THROUGH MY DAUGHTER’S EYES

I felt inadequate growing up; chubby, never pretty enough, bent on perfection, feeling like I always needed to be better. As a result, I spent a long, long time looking in the mirror, never seeing someone I liked.

Then one day all of that changed when I met for the first time a beautiful, passionate, and confident woman – myself …

It was a hot summer day and my daughter Jessica wanted to go swimming. I had a horrible headache and was feeling sorry for myself, having not yet lost the weight from my last pregnancy, eight months before.  I was on mommy overload  and had no energy left to go outside and play. I couldn’t see any light at the end of the tunnel.

After an hour of Jessica begging me to at least try on my bathing suit, I agreed to take her swimming.  She sat on my bed, watching me try on two or three old bathing suits.

“That one’s beautiful,” she said, so sincerely.

“Oh no, this one is still a little too tight,” I replied, turning to look at the back of my thighs and then back to my paunchy stomach hanging over the seam. I was horrified.

“I like that one the best!” Jessie said, nodding her head for added enthusiasm.

“Yeah, I guess it looks okay,” I said halfheartedly.

“But how does it feeeeel, Mommy?” she asked.

I smiled at her attempts.

“Well, it feels pretty good. Let’s go swim.”

We ran out the back door and Jessica immediately jumped into the pool, begging me to jump in after her. But I like to go in the slow way, so I began inching my way in, toe first, then my ankle.

“Jump in Mommy!” Jessica squealed.

I was so hot, and knowing that I would have to start dinner soon, I figured, what the heck, and cannonballed into the water. Jessie was delighted that I hadn’t followed my normal routine, and she swam over to me splashing and kicking.  She gave me a big hug.

“How do you feel?” she squealed again.

“Cold,” I stammered, laughing and trying to catch my breath.

Jessica giggled and splashed around me some more, then threw her little arms around my neck.

“How do you feel now?” she asked.

“I feel great” I said with the enthusiasm I knew she was waiting to hear in my voice.

“See Mommy?” she said, smoothing my hair away from my face. “You do look beautiful.”

I climbed out of the pool and cannonballed in all over again. But this time, I left the old me standing behind on the deck – the me I never wanted Jessica to know. I felt young and happy again, cutting loose in the water with a new freedom …

I caught a glimpse of the way Jessica saw me, and I understood how awful she’d feel if she knew how bad I felt about myself.

Source | Marlo Thomas, Bruce Kluger, The Right Words at the Right Time Volume 2: Your Turn,
(Atria, 2007) pages 114-117

CONSIDER THIS

It is said that “beauty is in the eye of the beholder.”  Beauty is not inherent in anything – it’s how we look at things.

Beauty isn’t always something that you see; it’s also something that you do and that you feel –  laughing out loud,  dancing with gusto,  holding hands with someone you love,  reaching your goals,  running through the sprinklers, taking chances,  loving completely,  singing along with the car radio,   sharing your life with someone, knowing your kids think you’re funny, and cannonballing into a pool.

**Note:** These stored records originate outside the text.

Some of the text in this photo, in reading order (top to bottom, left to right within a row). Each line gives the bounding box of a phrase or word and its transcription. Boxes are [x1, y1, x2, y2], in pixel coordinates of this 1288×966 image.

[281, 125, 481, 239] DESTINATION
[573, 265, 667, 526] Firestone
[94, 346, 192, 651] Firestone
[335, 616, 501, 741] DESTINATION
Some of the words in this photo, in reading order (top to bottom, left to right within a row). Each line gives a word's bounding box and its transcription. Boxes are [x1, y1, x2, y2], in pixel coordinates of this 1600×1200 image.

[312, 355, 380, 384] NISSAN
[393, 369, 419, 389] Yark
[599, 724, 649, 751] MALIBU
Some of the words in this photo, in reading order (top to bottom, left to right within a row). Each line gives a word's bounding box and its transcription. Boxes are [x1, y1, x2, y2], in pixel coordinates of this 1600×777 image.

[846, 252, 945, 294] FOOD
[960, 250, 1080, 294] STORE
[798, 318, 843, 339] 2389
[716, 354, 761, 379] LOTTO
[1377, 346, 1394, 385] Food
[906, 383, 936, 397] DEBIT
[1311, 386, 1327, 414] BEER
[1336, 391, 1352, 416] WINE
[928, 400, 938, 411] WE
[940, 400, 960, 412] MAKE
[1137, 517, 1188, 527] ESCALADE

These things are beautiful.  They make you feel beautiful. Beautiful is not an adjective, but a verb.

ONE SOCK

Once upon a time a young man, on a bicycle ride around the world, stopped awhile in a West African Village to help build a bakery. It took several months to build the bakery. They made bricks from crushed anthills.  Every day the village children came to help.  None of the kids had shoes but one happy little guy always wore one sock – no shoes, just a sock.  He was about ten years old.  He got nicknamed One Sock.

One day someone, curious, asked, “One Sock, tell me about this one sock you always wear.”

He said proudly, “My mum washes it every night.  I wear it every day.”

“Yes, but why do you wear one?”, the other continued.

One Sock seemed surprised by this silly question, and then smiled broadly and said, “Because I only have one!”

Source | Based on Andrew Matthews, Happiness in Hard Times

PONDER AND CONSIDER

Are you content with what you have? Or are you always wanting what you don’t have? Perhaps you have lost  something: your job, an opportunity or a precious possession. Perhaps you have lost someone: a spouse, a friend or a business colleague. Perhaps you are in that space of feeling lost and don’t know what to do next. Here is the first thing and perhaps the only thing you can really do: accept where you are.  Embrace the present reality.

For a change to happen one must first make peace with the present situation. Drop the the blame, the guilt, the shame. Drop the “what ifs” that choke and limit.  Growth and maturation unconditional acceptance.

Acceptance does not mean “I want to stay here.”  Acceptance means: “This is where I am – and now I choose to move in the direction of my deepest urgent longing of my heart.”